▶ ABOUT THIS EXERCISE: What does the data read, word for word, from the line containing "this 1080×1616 image." through its final line? Give those lines only.

▶ MATERIAL PROVIDED:
· · ·

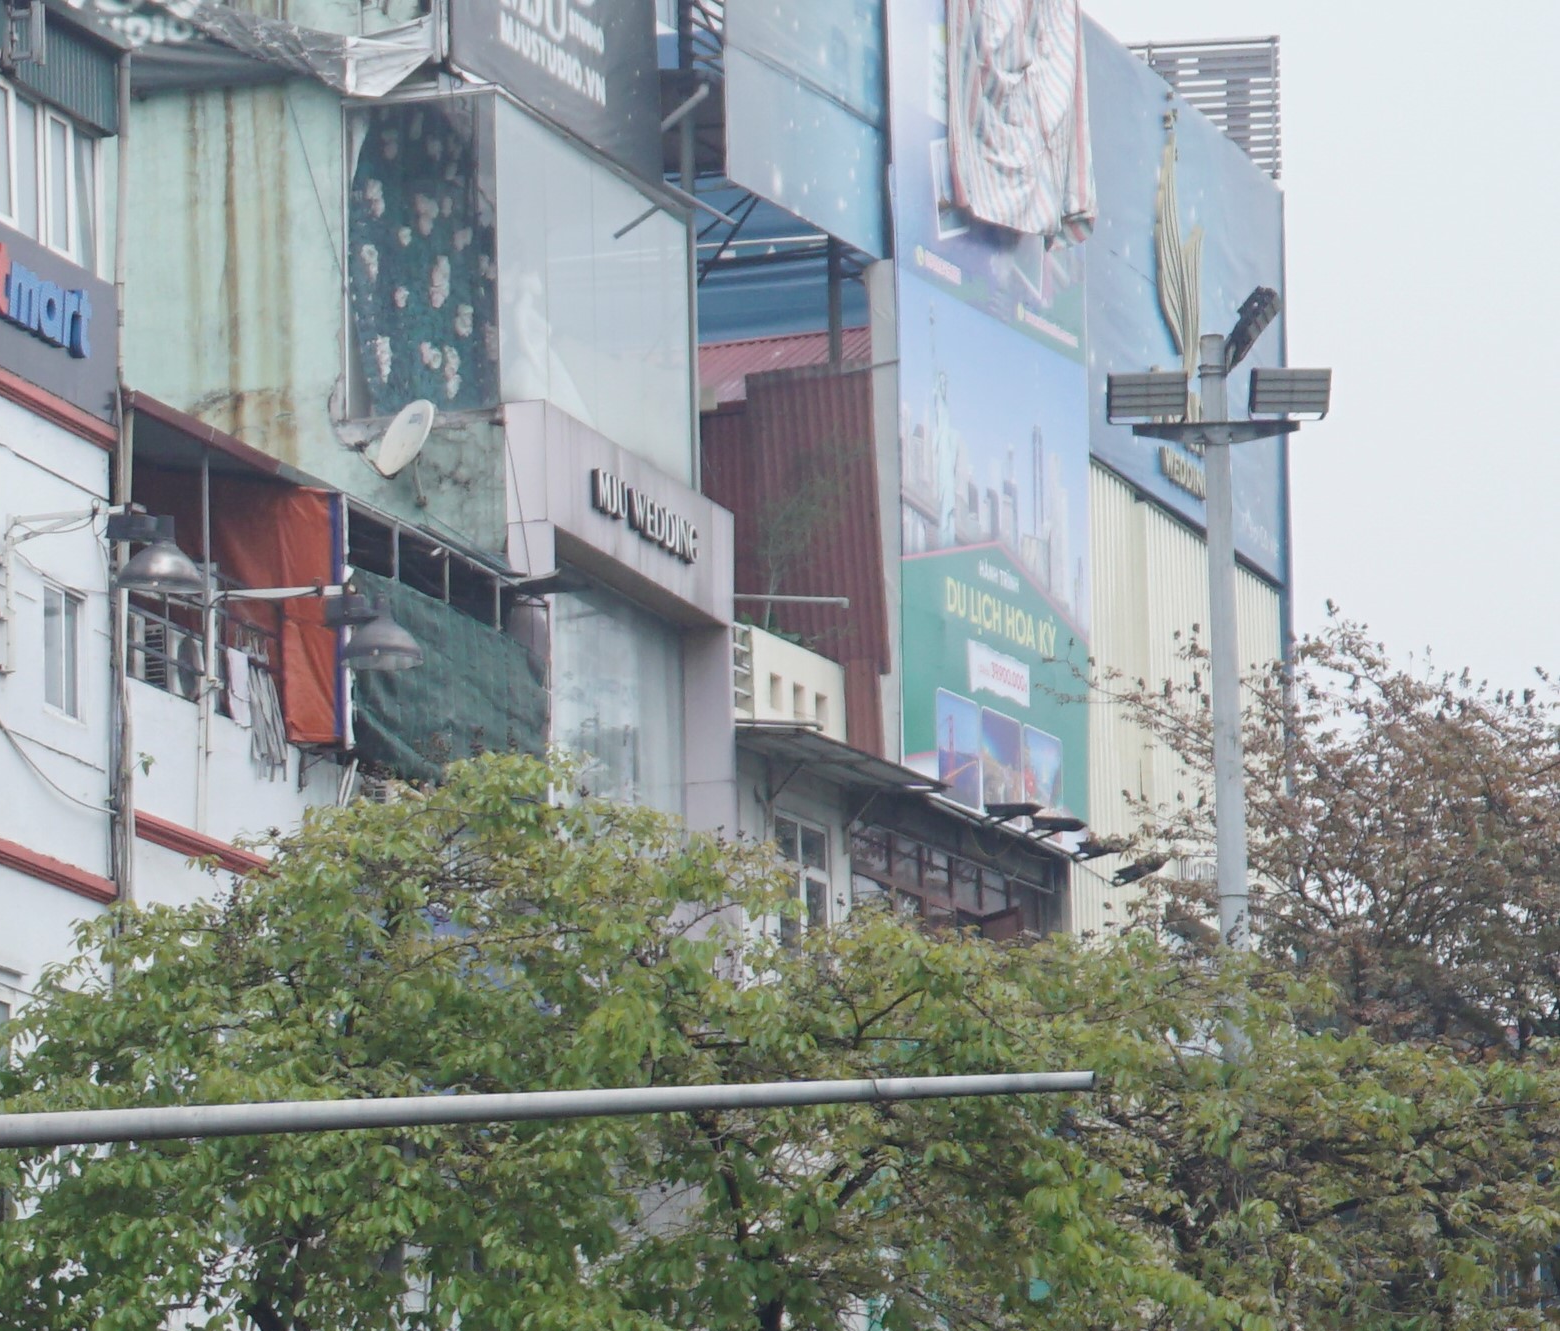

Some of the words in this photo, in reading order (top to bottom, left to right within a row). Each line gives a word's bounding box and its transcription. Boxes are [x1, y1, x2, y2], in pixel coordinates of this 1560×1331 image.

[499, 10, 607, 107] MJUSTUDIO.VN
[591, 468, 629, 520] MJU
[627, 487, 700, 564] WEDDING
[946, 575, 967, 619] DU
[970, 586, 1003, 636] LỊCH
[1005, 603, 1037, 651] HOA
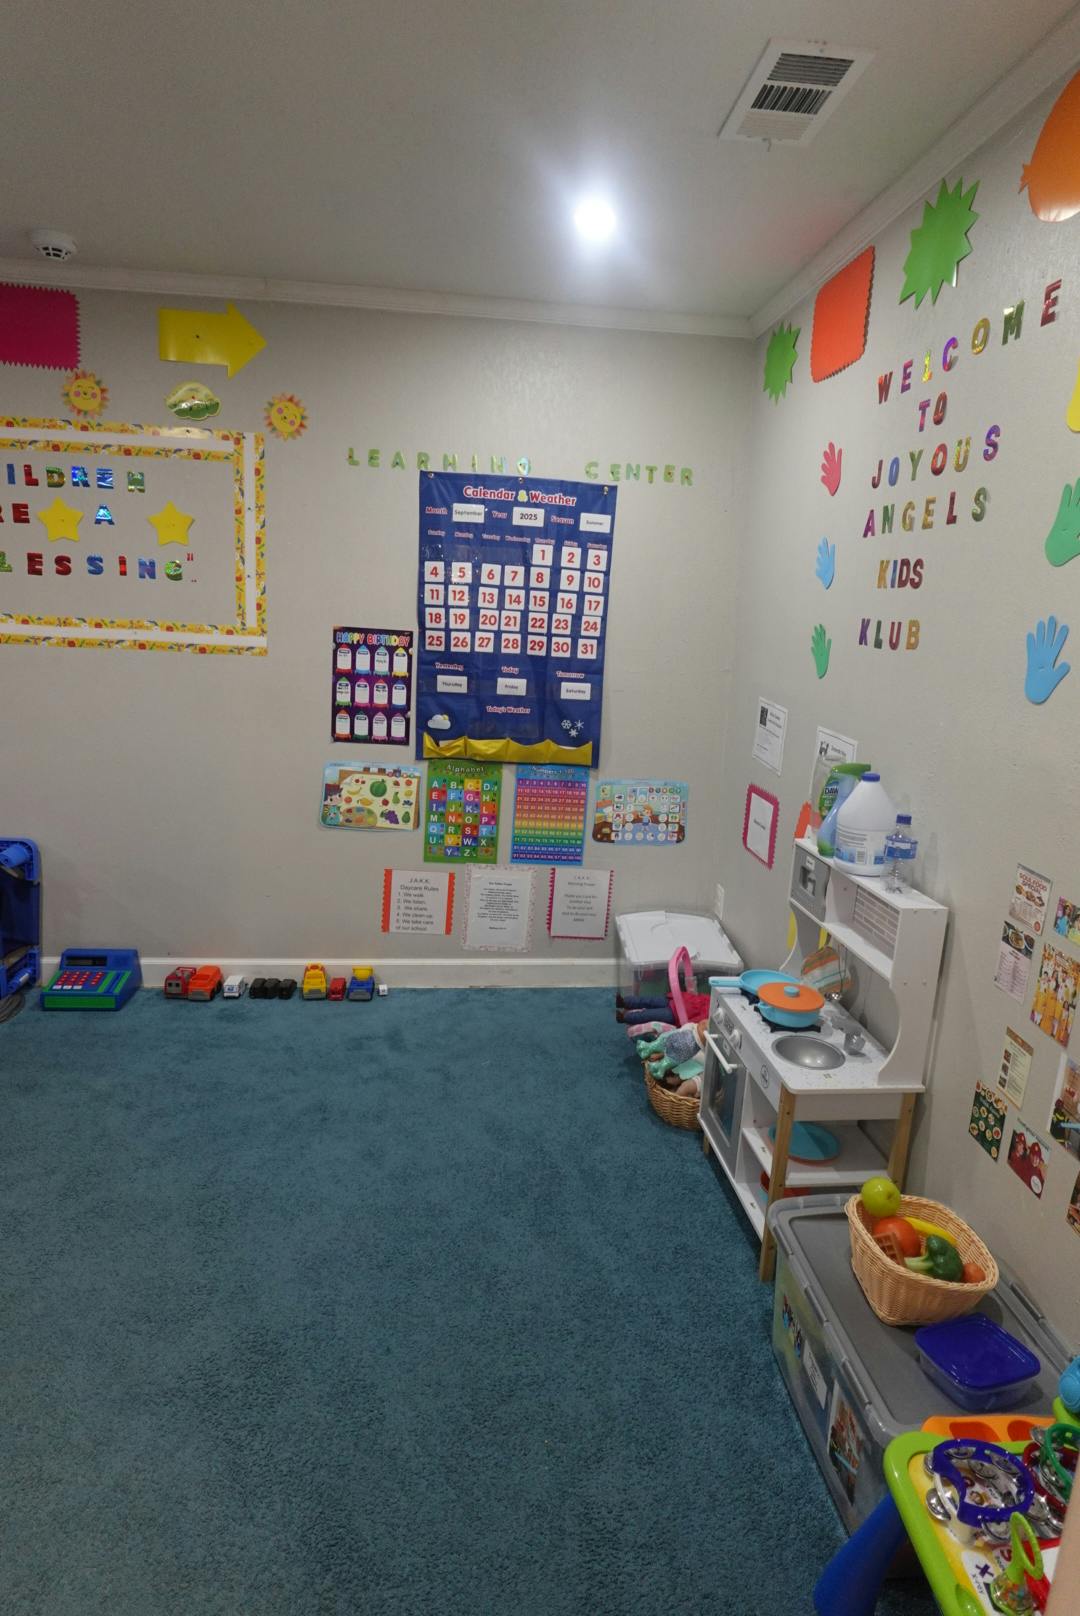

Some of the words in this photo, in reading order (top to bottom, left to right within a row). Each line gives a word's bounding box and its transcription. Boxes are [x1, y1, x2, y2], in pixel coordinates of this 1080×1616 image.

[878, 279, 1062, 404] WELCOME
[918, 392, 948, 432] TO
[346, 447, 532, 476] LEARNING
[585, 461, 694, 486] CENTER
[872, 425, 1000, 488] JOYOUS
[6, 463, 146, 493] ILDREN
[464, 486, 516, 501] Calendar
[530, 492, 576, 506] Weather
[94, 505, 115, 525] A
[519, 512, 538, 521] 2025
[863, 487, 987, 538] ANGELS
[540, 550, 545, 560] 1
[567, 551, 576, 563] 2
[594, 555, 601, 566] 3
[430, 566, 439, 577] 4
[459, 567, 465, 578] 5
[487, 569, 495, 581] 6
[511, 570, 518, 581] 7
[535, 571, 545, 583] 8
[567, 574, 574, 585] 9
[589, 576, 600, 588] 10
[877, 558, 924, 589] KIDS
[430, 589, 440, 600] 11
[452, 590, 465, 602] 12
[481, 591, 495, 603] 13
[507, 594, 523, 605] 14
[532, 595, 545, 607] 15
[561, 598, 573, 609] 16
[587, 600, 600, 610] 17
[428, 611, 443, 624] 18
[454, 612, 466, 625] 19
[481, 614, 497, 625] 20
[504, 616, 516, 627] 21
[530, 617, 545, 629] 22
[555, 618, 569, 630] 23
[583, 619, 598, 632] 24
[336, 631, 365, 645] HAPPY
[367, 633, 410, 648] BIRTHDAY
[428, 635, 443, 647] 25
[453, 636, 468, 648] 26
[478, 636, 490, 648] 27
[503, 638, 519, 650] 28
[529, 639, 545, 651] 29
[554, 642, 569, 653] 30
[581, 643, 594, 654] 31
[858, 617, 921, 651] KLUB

· · ·

▶ YOUR RESPONSE:
Some of the words in this photo, in reading order (top to bottom, left to right within a row). Each line gives a word's bounding box and its transcription. Boxes are [x1, y1, x2, y2], in pixel coordinates of this 1080×1616 image.

[878, 279, 1062, 404] WELCOME
[918, 392, 948, 432] TO
[346, 447, 532, 476] LEARNING
[585, 461, 694, 486] CENTER
[872, 425, 1000, 488] JOYOUS
[6, 463, 146, 493] ILDREN
[464, 486, 516, 501] Calendar
[530, 492, 576, 506] Weather
[94, 505, 115, 525] A
[519, 512, 538, 521] 2025
[863, 487, 987, 538] ANGELS
[540, 550, 545, 560] 1
[567, 551, 576, 563] 2
[594, 555, 601, 566] 3
[430, 566, 439, 577] 4
[459, 567, 465, 578] 5
[487, 569, 495, 581] 6
[511, 570, 518, 581] 7
[535, 571, 545, 583] 8
[567, 574, 574, 585] 9
[589, 576, 600, 588] 10
[877, 558, 924, 589] KIDS
[430, 589, 440, 600] 11
[452, 590, 465, 602] 12
[481, 591, 495, 603] 13
[507, 594, 523, 605] 14
[532, 595, 545, 607] 15
[561, 598, 573, 609] 16
[587, 600, 600, 610] 17
[428, 611, 443, 624] 18
[454, 612, 466, 625] 19
[481, 614, 497, 625] 20
[504, 616, 516, 627] 21
[530, 617, 545, 629] 22
[555, 618, 569, 630] 23
[583, 619, 598, 632] 24
[336, 631, 365, 645] HAPPY
[367, 633, 410, 648] BIRTHDAY
[428, 635, 443, 647] 25
[453, 636, 468, 648] 26
[478, 636, 490, 648] 27
[503, 638, 519, 650] 28
[529, 639, 545, 651] 29
[554, 642, 569, 653] 30
[581, 643, 594, 654] 31
[858, 617, 921, 651] KLUB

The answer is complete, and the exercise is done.